NASA says sea level has risen rapidly in the last year

NASA says sea level has risen rapidly in the last year

NASA confirms sea level rising faster! The analysis led by NASA is based on more than 30 years of satellite observations. In fact, global warming has been analyzed continuously in recent decades, with the launch of the first satellite in 1992 and the most recent in 2020.

Overall, sea levels have risen by about four inches since 1993. Furthermore, the rate of rise has also accelerated, more than doubling from 0.07 inches per year in 1993 to the current rate of 0.17 inches per year.

“Current rates of acceleration mean we are on track to add another 20 centimeters to global mean sea level by 2050,” said Nadya Vinogradova Shiffer, director of NASA’s sea level change team and ocean physics program in Washington.

This would represent double the change over the next three decades compared to the previous century. As a result, it would create a future where floods are much more frequent and catastrophic than they are today.

El Niño influences sea level

The immediate cause of the increase is the climate effect El Niño. This is because he replaced La Nina from 2021 to 2022, when sea levels rose about 0.08 inches.

El Niño involves warmer-than-average ocean temperatures in the equatorial Pacific.

“In El Niño years, much of the rain that normally falls on land ends up in the ocean, which temporarily raises sea levels,” said Josh Willis, a sea level researcher at NASA’s Jet Propulsion Laboratory (JPL).

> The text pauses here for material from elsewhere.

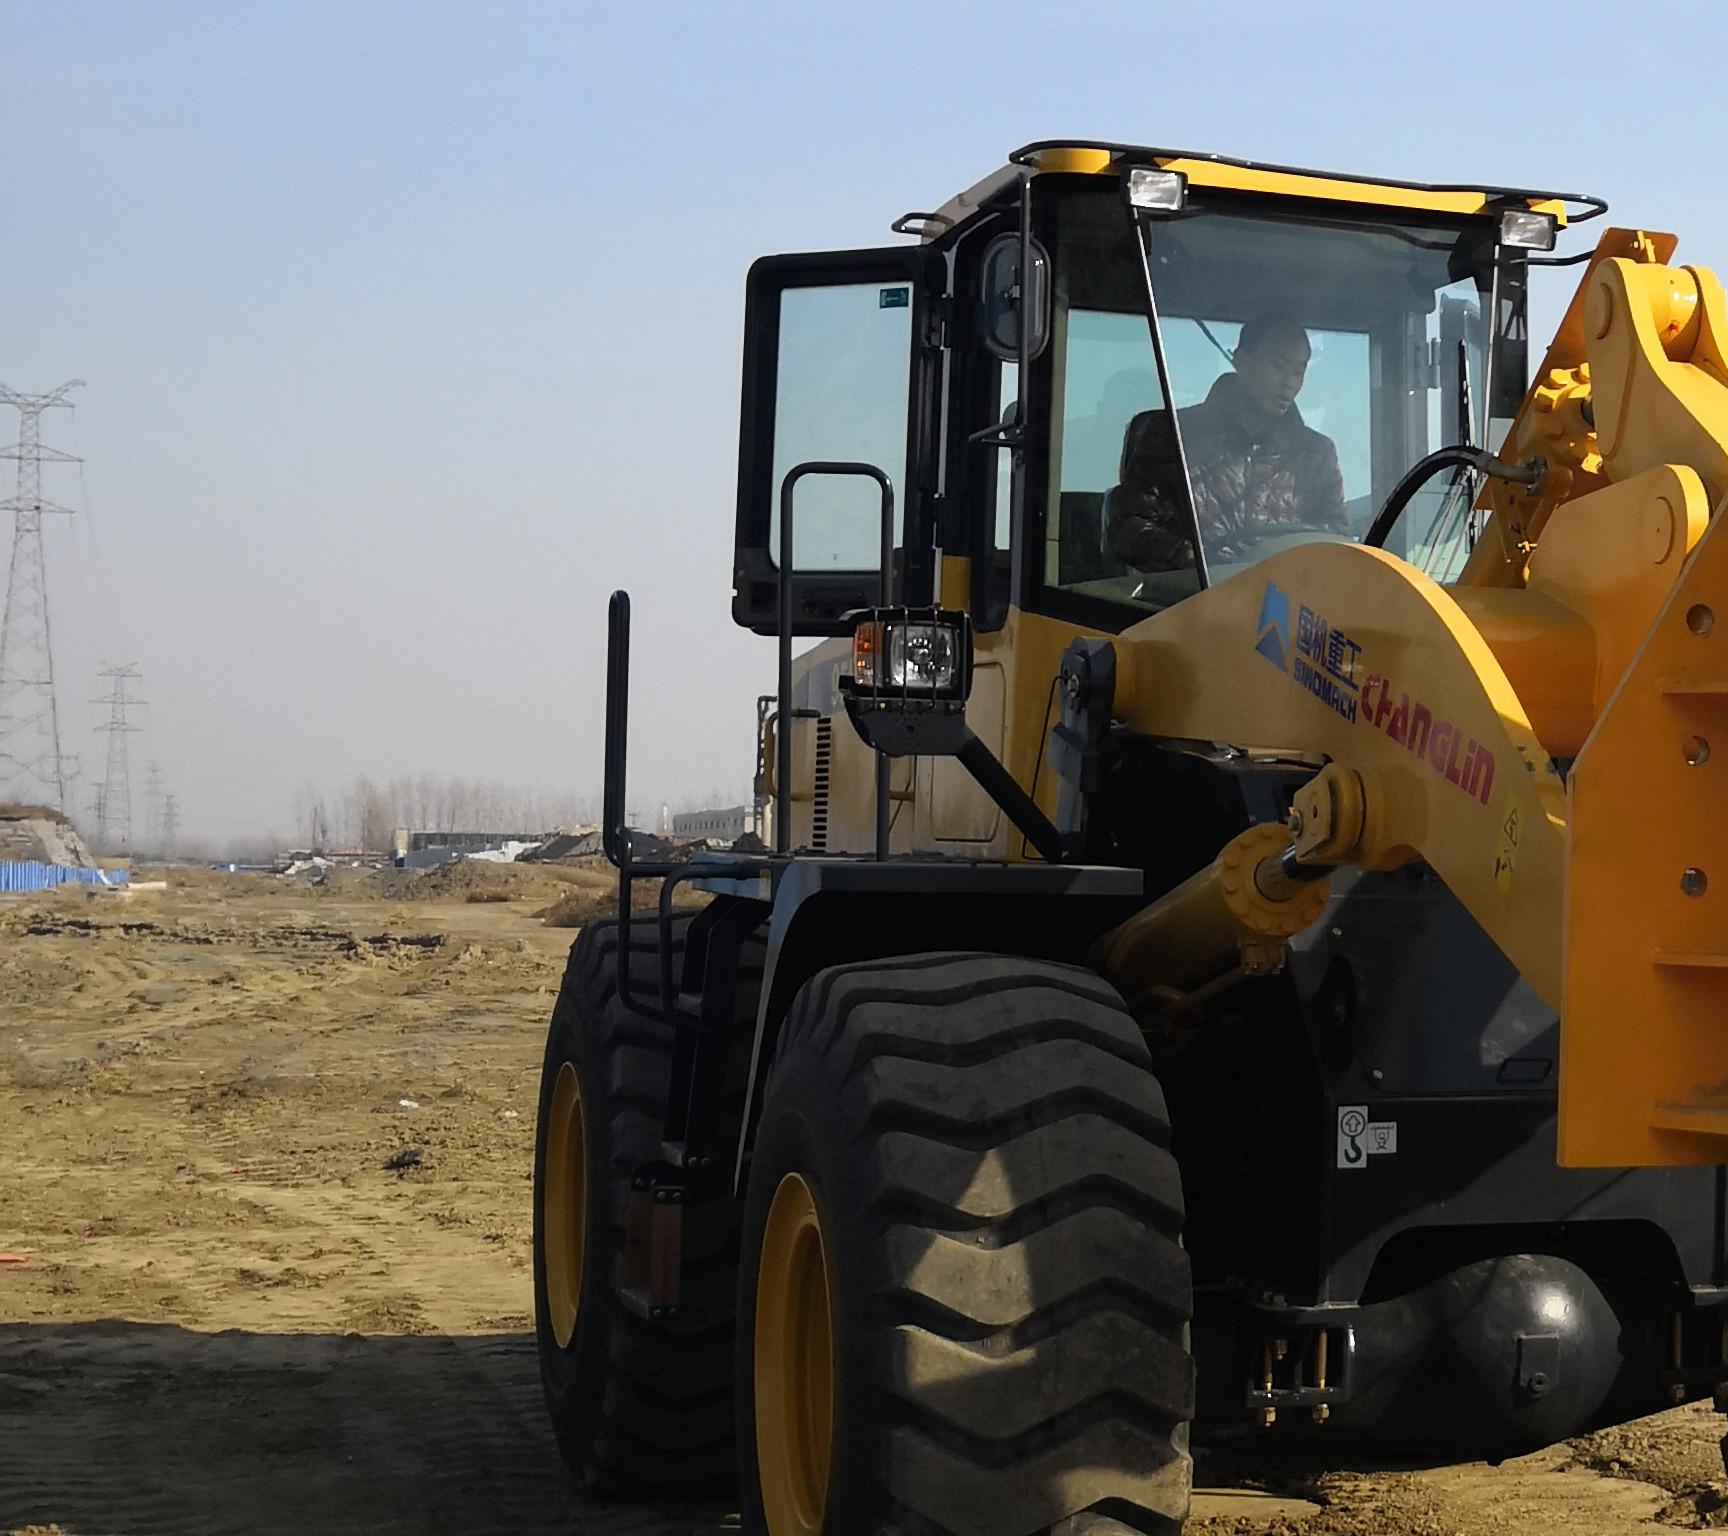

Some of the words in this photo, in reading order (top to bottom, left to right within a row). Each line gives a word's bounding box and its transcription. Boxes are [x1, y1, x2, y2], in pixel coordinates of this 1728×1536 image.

[1296, 604, 1362, 692] 国机重工
[1293, 657, 1357, 725] SINOMACH

But there is also a clear human influence evident in the underlying trend of acceleration.

“Long-term datasets like this 30-year satellite record allow us to differentiate between short-term effects on sea level, like El Niño, and trends that tell us where sea level is going,” said Ben Hamlington, leader of NASA’s sea level change team at JPL.

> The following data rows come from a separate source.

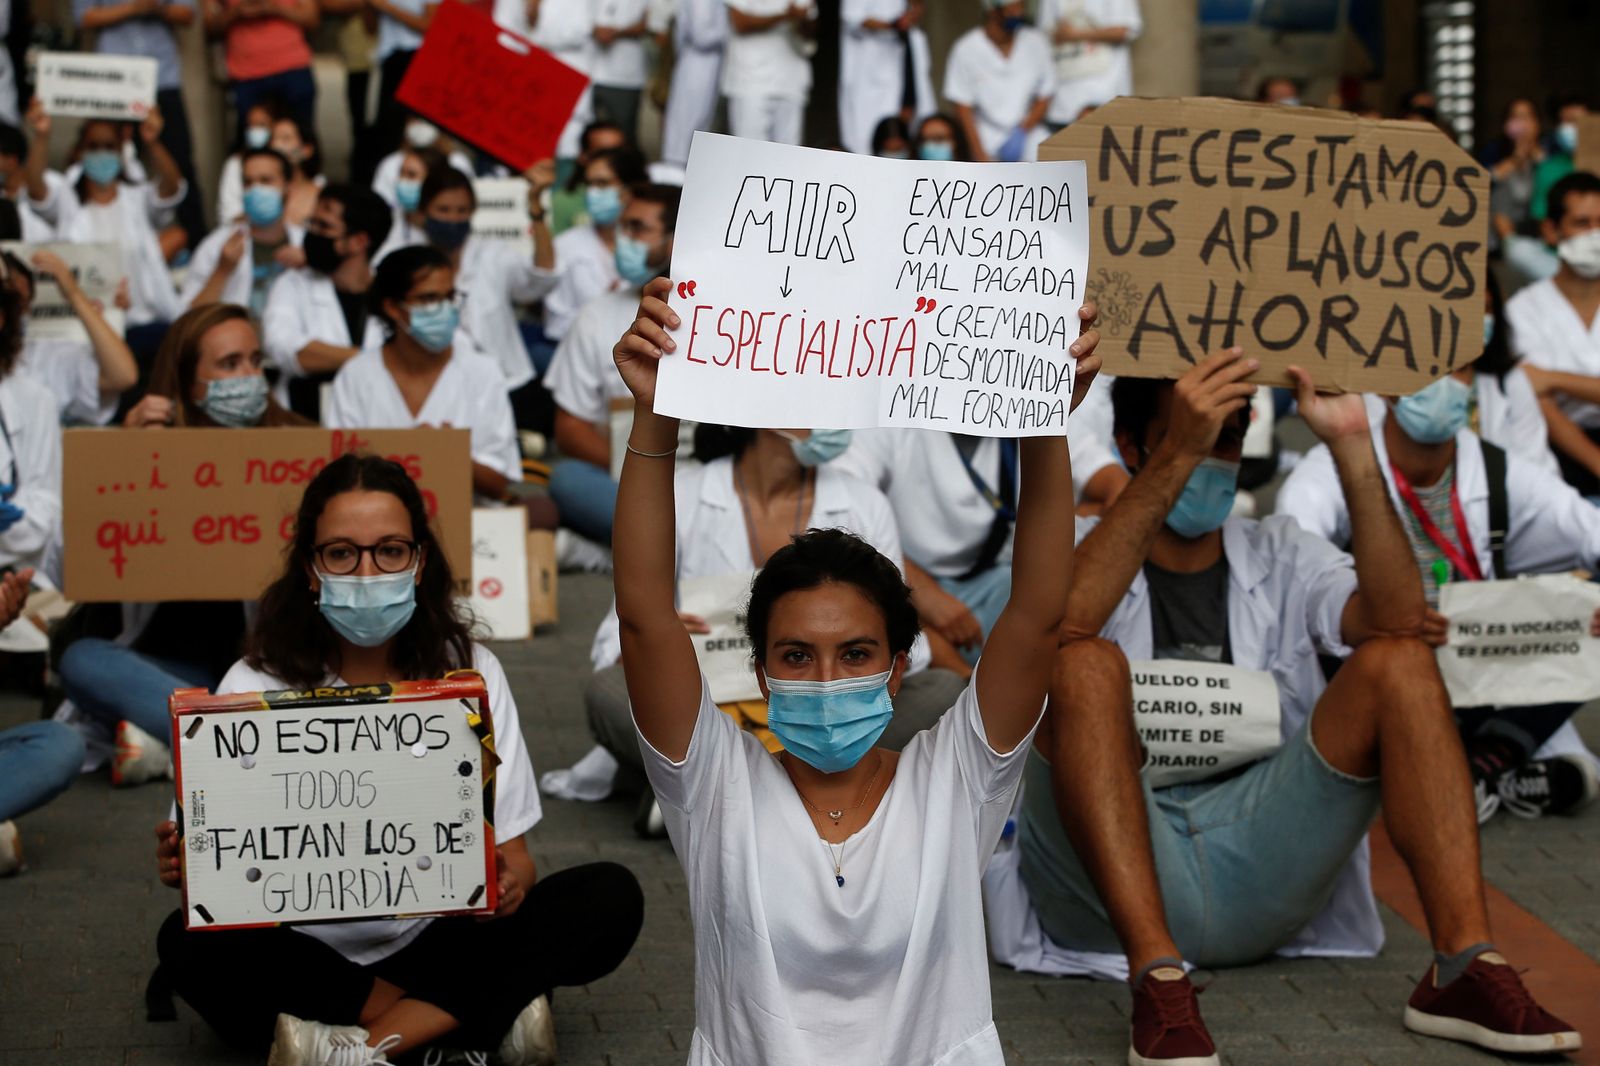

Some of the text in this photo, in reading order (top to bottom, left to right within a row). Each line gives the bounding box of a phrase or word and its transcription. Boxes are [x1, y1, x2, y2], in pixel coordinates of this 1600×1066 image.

[725, 176, 857, 263] MIR
[909, 178, 1073, 223] EXPLOTADA
[903, 222, 1043, 261] CANSADA
[1088, 196, 1482, 300] US APLAUSOS
[896, 260, 1076, 300] MAL PAGADA
[936, 304, 1067, 350] CREMADA
[1127, 279, 1460, 378] AHORA!!
[923, 342, 1073, 395] DESMOTIVADA
[889, 383, 1064, 430] MAL FORMADA
[194, 462, 222, 489] a
[96, 509, 165, 580] qui
[193, 514, 261, 544] ens
[705, 638, 754, 652] DERE
[1458, 622, 1482, 636] NO
[1487, 623, 1507, 635] ES
[1131, 673, 1230, 689] UELDO DE
[1133, 700, 1243, 717] CARIO, SIN
[213, 711, 451, 760] NO ESTAMOS
[1139, 728, 1225, 743] MITE DE
[271, 769, 377, 811] TODOS
[206, 819, 464, 872] FALTAN LOS DE

Technological innovations have brought greater precision to measurements over the years. For example, radar altimeters reflect microwaves off the sea surface. In this way, they record the time it takes for the signal to return to the satellite, as well as the strength of the return signal.

They also check their data with other sources such as tide gauges and satellite measurements of atmospheric water vapor and Earth’s gravity field.